You Are Not to Blame

As a result of the stalking, you may experience a variety of physical, emotional, and financial consequences. The emotional trauma of constantly being on alert for the stalker, or the next harassment, may seem to use up all the energy you have.

You may feel vulnerable and out of control of your life. You may have nightmares. Your eating and sleeping habits may change. You may feel depressed or hopeless and lack interest in things you once enjoyed. This is not unusual.

The constant stress in stalking situations is very real and harmful. Realize that what is happening to you is not normal, not your fault, and not caused by anything you have done.

Where Can You Get Help?

As a stalking victim, you are not alone. Do not lose hope. The support network in your community may include hotlines, counseling services, and support groups. Trained victim advocates can provide vital information and a full range of support services, such as assistance through the criminal justice process and assistance with ​finding out about your rights as a stalking victim.

You may be able to obtain a restraining order or a "no-contact" order through the clerk of court.
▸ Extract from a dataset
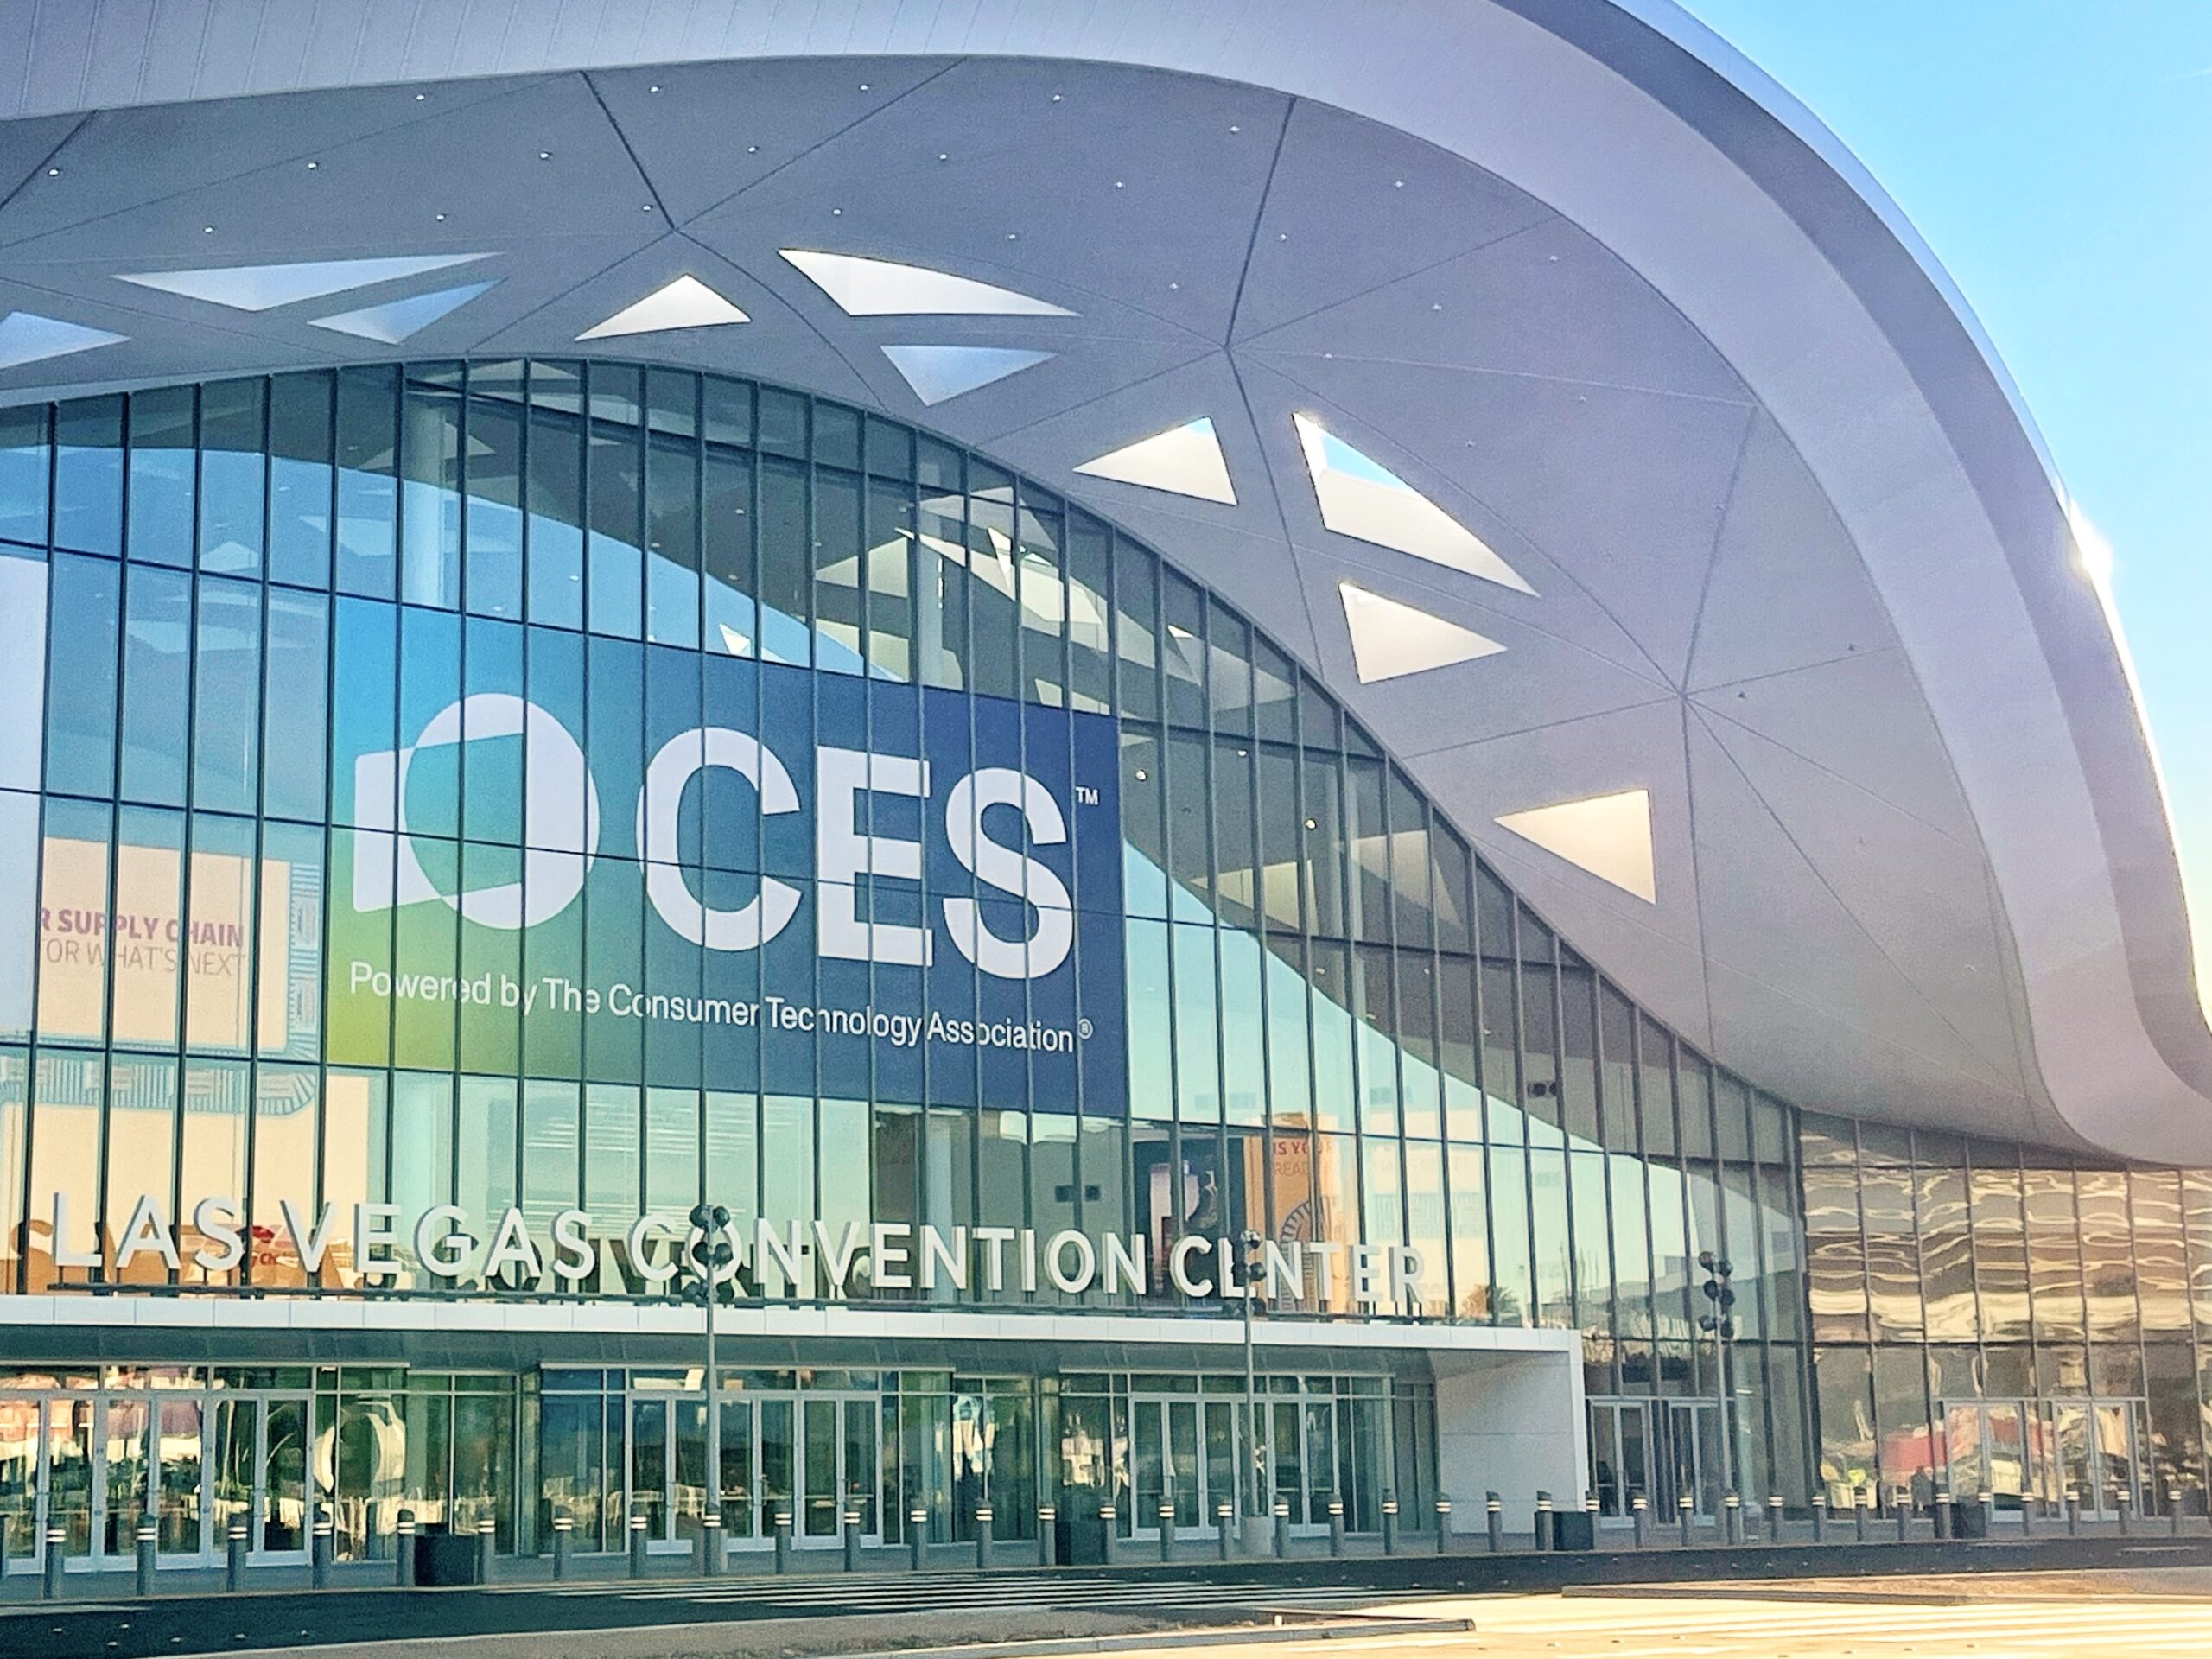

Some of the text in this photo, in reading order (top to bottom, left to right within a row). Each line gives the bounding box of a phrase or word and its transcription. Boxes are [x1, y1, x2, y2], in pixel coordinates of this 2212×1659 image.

These are court orders signed by a judge telling the stalker to stay away from you and not to have contact with you in person or by phone. It is not necessary for a civil or criminal domestic violence case to be filed for these orders to be issued.

Most states authorize law enforcement to make an arrest for violation of such an order. Each jurisdiction and community may differ in the type of restraining order available and the process for application and issuance of orders. Local victim advocates can tell you how the process works in your community.

All states now have crime victim compensation programs that reimburse victims for certain out-of-pocket expenses, including medical expenses, lost wages, and other financial needs considered reasonable.

To be eligible, you must report the crime to the police and cooperate with the criminal justice system. Victim assistance programs in your community can provide you with compensation applications and additional information.